Two things...the quality of the meat and they sear them at over 1000 degrees. Very little seasoning. Closest you can come @ home is with a Big Green Egg. Lots of guys on here that can attest to the power of the egg! I'm still saving my change to get one!


----------



## Harry Brosofsky (Oct 4, 2007)

Ruth's makes a great steak, but if you wever get out to Vegas, go to Nine in the Palms tower. I was out there in January and ate at Ruths and Nine on consecutive nights...Nine won hands down on the same kind of steak (a filet mignon). Priice was within a dollar or two of the equal and the service at Nine was exceptional (Ruth's was very good).

Harry


----------



## reelthrill (Oct 3, 2007)

Best steak in the world!!! Their steak is aged for about 40 days at 33 degrees. The air is exchanged every two hours. They use no marinade. (only seasonings and butter)


----------



## 38bat (Nov 23, 2007)

Harry- I agree! Getting down to it though, El Gaucho on the west coast is probably the best I've had.


----------



## Lyin Dog (Oct 1, 2007)

We wentto *Ruths Chris* at the Sawgrass Marriott in Ponta Vedra Beach.Hurricane Dennis was coming ashore and we hung out there. I'd always heard of it and figured we'd try it. I thought it tasted wonderful, but I'm not too big on places THAT classy. The waiter kinda "bowed" before us and wouldn't let us lift a finger. He seemed offended if I handed him my tea glass for a refill. HE had to do everything. Dinner was $150

Anyway, I'm glad we tried it --but I'd just as soon go to Outback


----------



## welldoya (Oct 5, 2007)

I ate at the one in Birmingham. It is pricey, definetly just for special occasions for us commoners, but it was the best steak I've ever had.


----------



## TN (Jul 24, 2008)

*Ruths Chris* is good but if you live in or ever make it to destin, fl you need to try trader vicks. They cook all their meat and fish in a hun smoker. The side need some help but the meat is good eats.


----------



## Corpsman (Oct 3, 2007)

Overated and expensive.


----------



## LazyFatYANKEE (Jun 6, 2008)

Aged meat! Smokin hot grill! and a prime cut. want that at home??? find a old school BUTCHER ..... and askif he does theaged meat.... get a PRIME cut.. go home turn your grill UP!!! tillits smokin hot! let the rest happen naturally. IM FAT!! I KNOW FOOD!!!

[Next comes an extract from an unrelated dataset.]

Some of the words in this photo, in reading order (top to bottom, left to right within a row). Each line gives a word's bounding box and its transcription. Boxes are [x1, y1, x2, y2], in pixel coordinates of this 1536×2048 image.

PS... look for the history channel Modern marveles ... meat!


----------



## Gulf Coast Outfitters (Oct 8, 2007)

Cracked pepper and kosher salt, cook it on a hot fire, sear in those juices and carmelize the salt and pepper, it needs to be a prime cut, when its done, let rest 5 minutes, swab both sides with a dab of butter, enjoy!


----------



## AUBuilder (Sep 27, 2007)

> *Catman38 (7/26/2008)*Two things...the quality of the meat and they sear them at over 1000 degrees. Very little seasoning. Closest you can come @ home is with a Big Green Egg. Lots of guys on here that can attest to the power of the egg! I'm still saving my change to get one!

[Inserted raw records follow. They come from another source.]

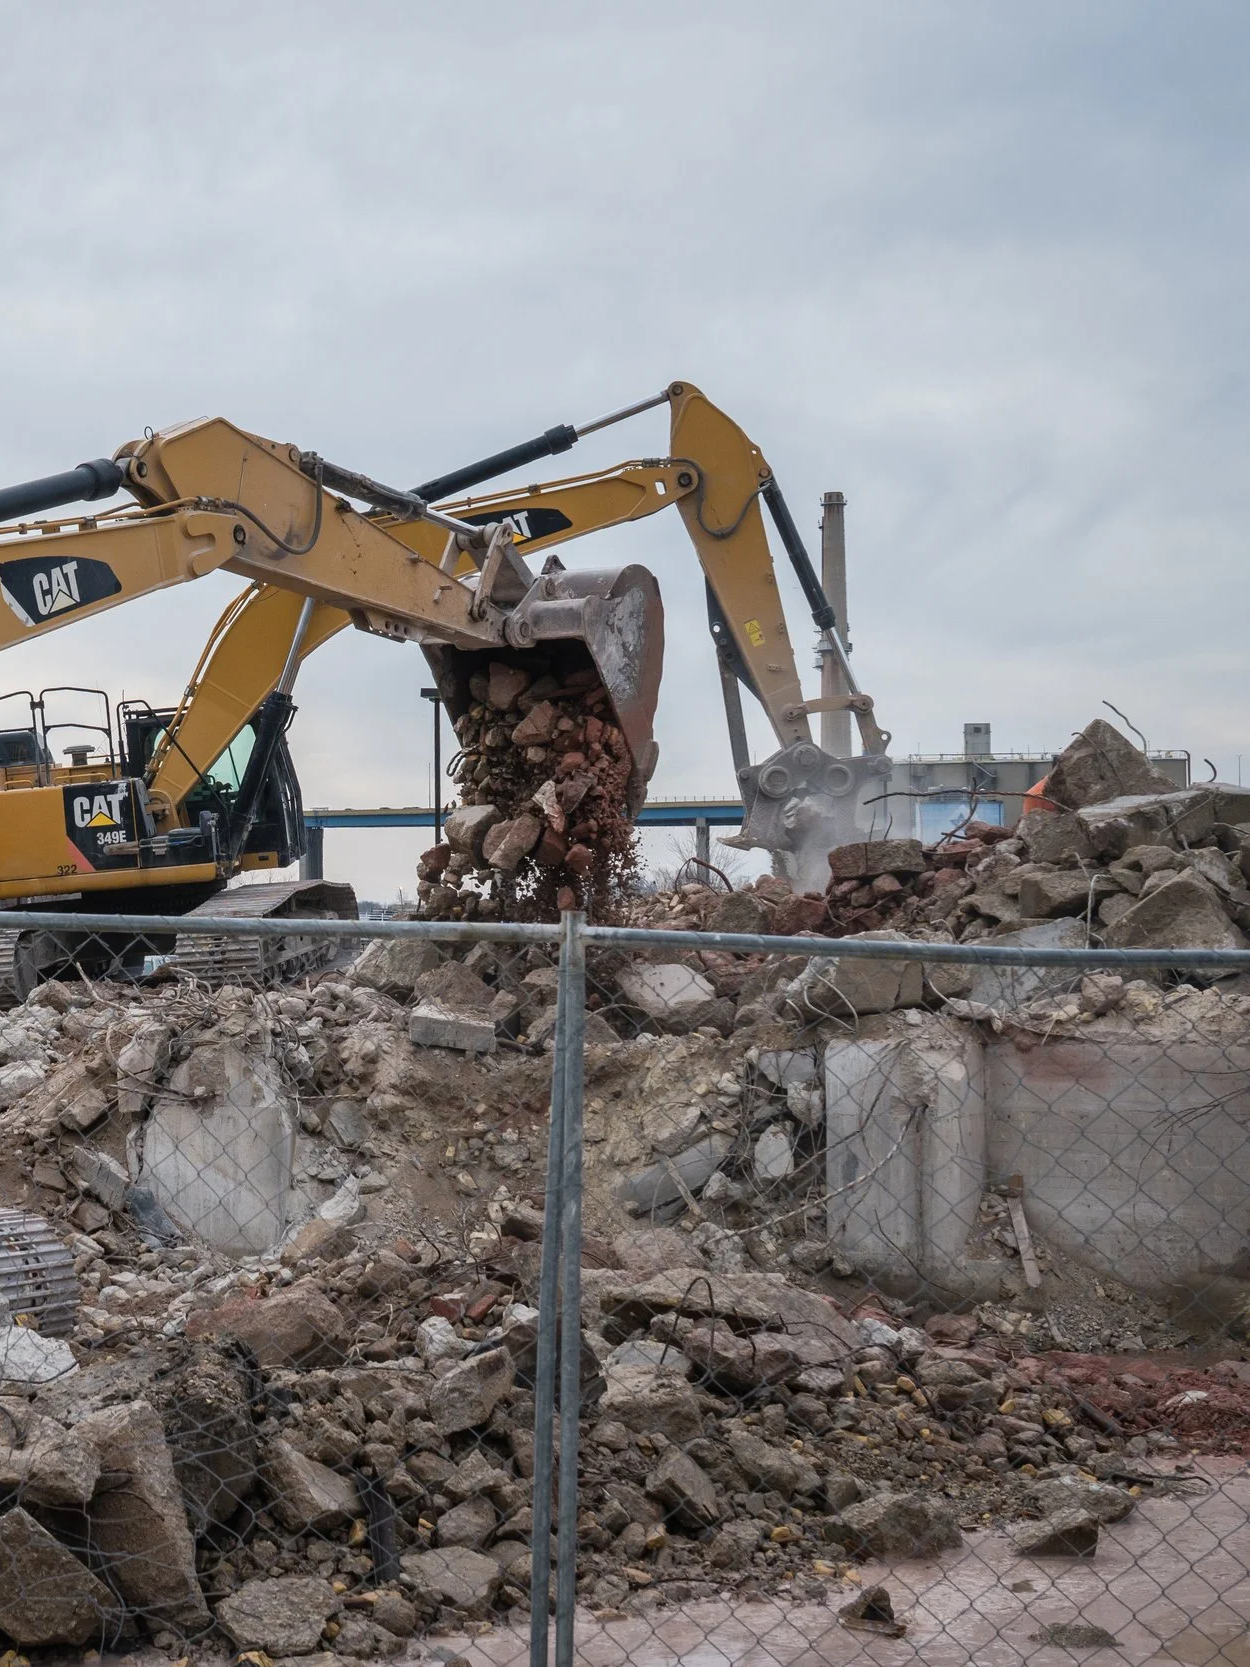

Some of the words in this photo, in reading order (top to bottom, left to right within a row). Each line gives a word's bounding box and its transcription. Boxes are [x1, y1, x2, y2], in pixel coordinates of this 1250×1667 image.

[502, 510, 532, 539] AT
[32, 560, 81, 616] CAT
[73, 794, 124, 828] CAT
[96, 830, 127, 845] 349E
[57, 864, 78, 875] 322
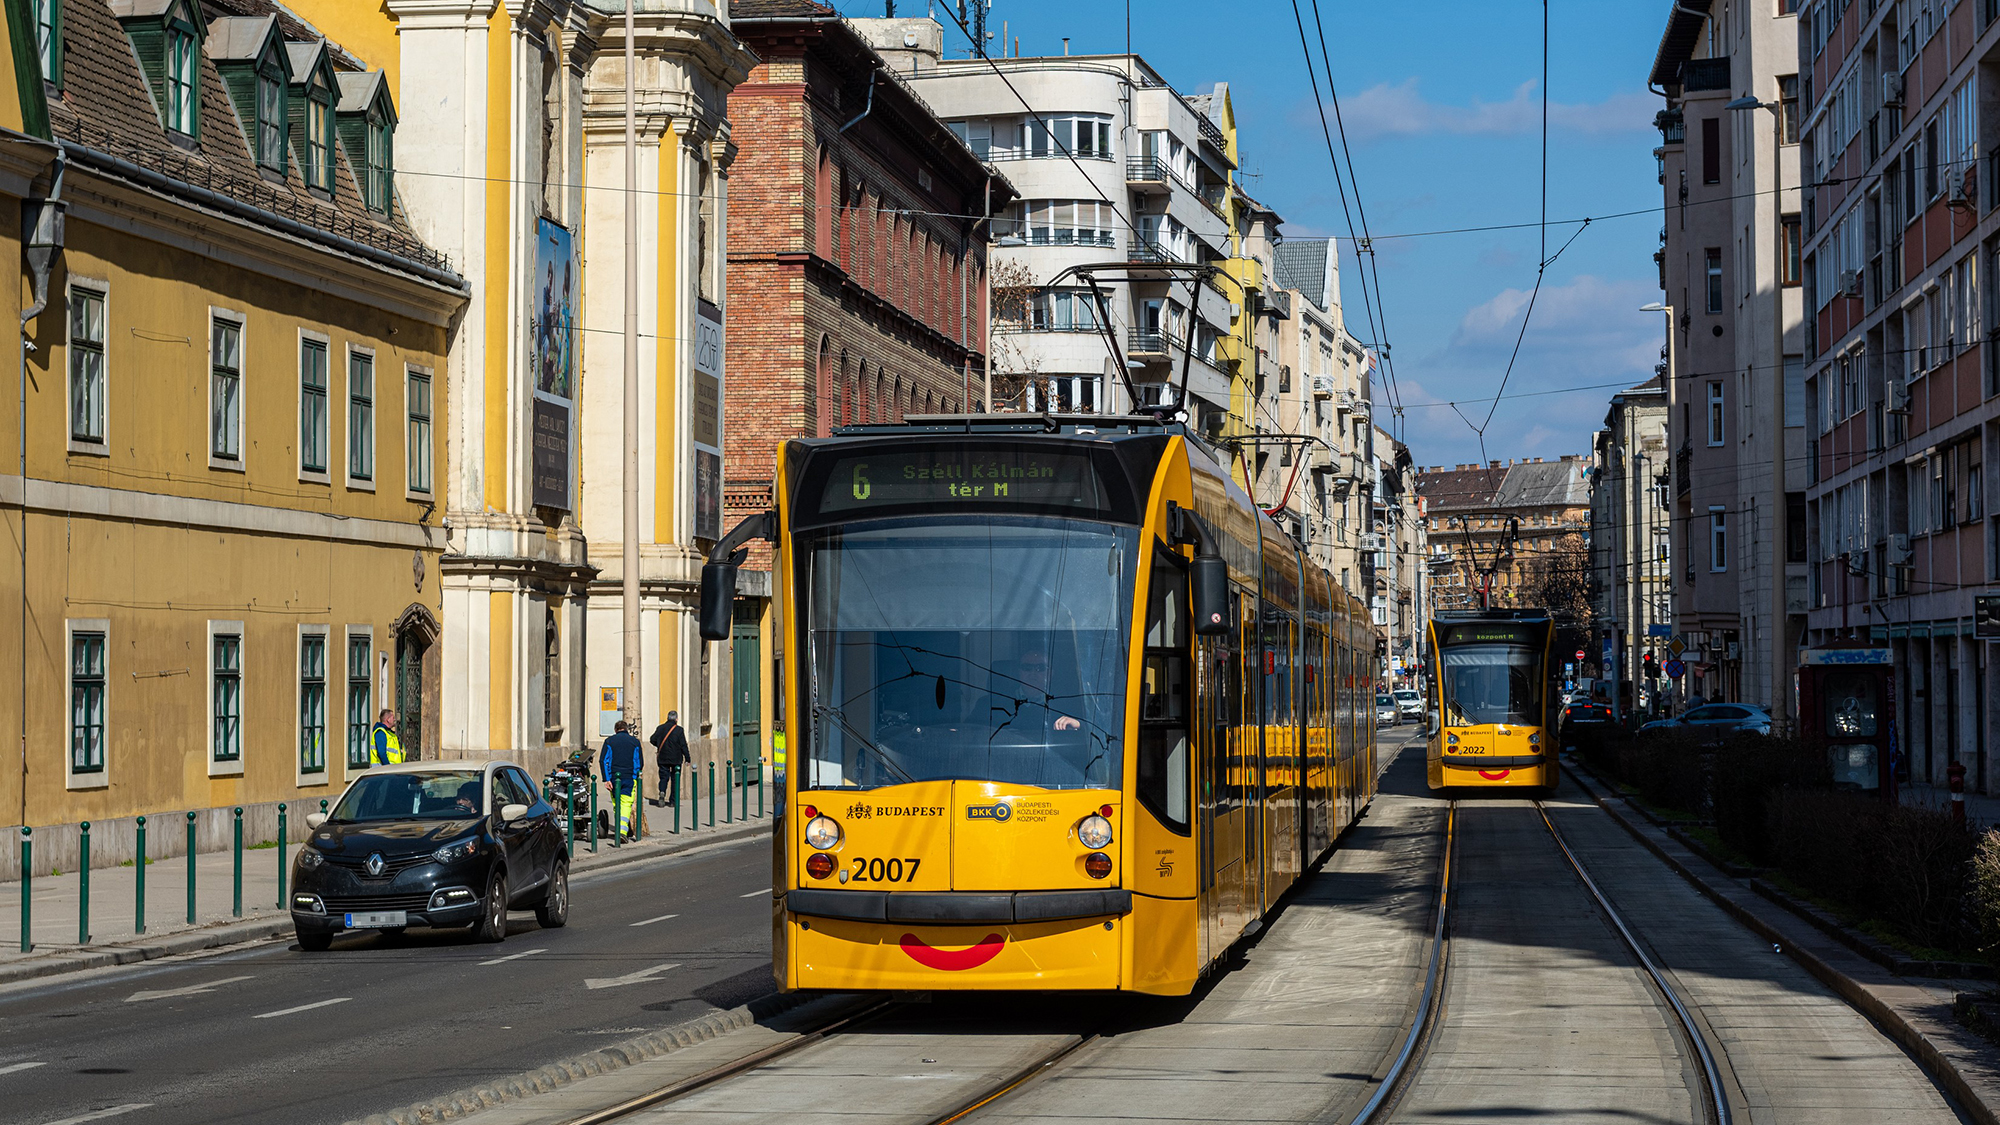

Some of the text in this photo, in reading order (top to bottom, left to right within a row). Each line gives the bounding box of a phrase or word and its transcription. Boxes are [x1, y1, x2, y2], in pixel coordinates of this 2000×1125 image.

[698, 323, 718, 371] 250
[903, 462, 1054, 480] Széll Kálmán
[852, 464, 871, 500] 6
[949, 480, 1008, 497] tér M
[1463, 746, 1485, 754] 2022
[876, 806, 945, 817] BUDAPEST
[971, 808, 993, 817] BKK
[851, 857, 921, 883] 2007

I cooked steaks on my egg the other night. Got the egg up to approx 800 degrees. I've seen one get hotter. Word of advice, when the egg gets that hot, careful opening the lid. It likes to backdraft. I'm just startin to get my armhair back.


----------



## bayou bandit (Oct 1, 2007)

I'm not one who orders steak at a restaurant too often, because I usually can make a better steak at home. Ruth's Chris is very good, but it is no where near the best steak I have ever had. If you want a steak that will make an impression that will last forever try these 3:

Gallagher's steakhouse in New York

Smith & Wollensky'ssteakhousein Chicago

Fogo de Chao in Atlanta (Brazilian Churrascaria with gauchos that carve the meat at your table - it is AWESOME!)

If you ever get a chance to eat any of these, do it. You will not be disappointed!


----------



## ditchdoctor81 (Oct 3, 2007)

Never been to Ruth Chris, but we have been to Chops on 30A several times & their steaks are awesome too. :bowdown


----------



## Xanadu (Oct 1, 2007)

> *Corpsman (7/26/2008)*Overated and expensive.




Agreed. There are many, many better steak houses. McGuires right here is better, Chops in Destin, Besh's and Dickie Brennan's in NO are all far better.


----------



## Chris Couture (Sep 26, 2007)

Stop shopping in the value "screw the USA" stores and you will not only save the country but you will find what you are looking for! You ain't gonna find the grade of meat at Wal-Mart and you ain't gonna find the grill to cook it on there either.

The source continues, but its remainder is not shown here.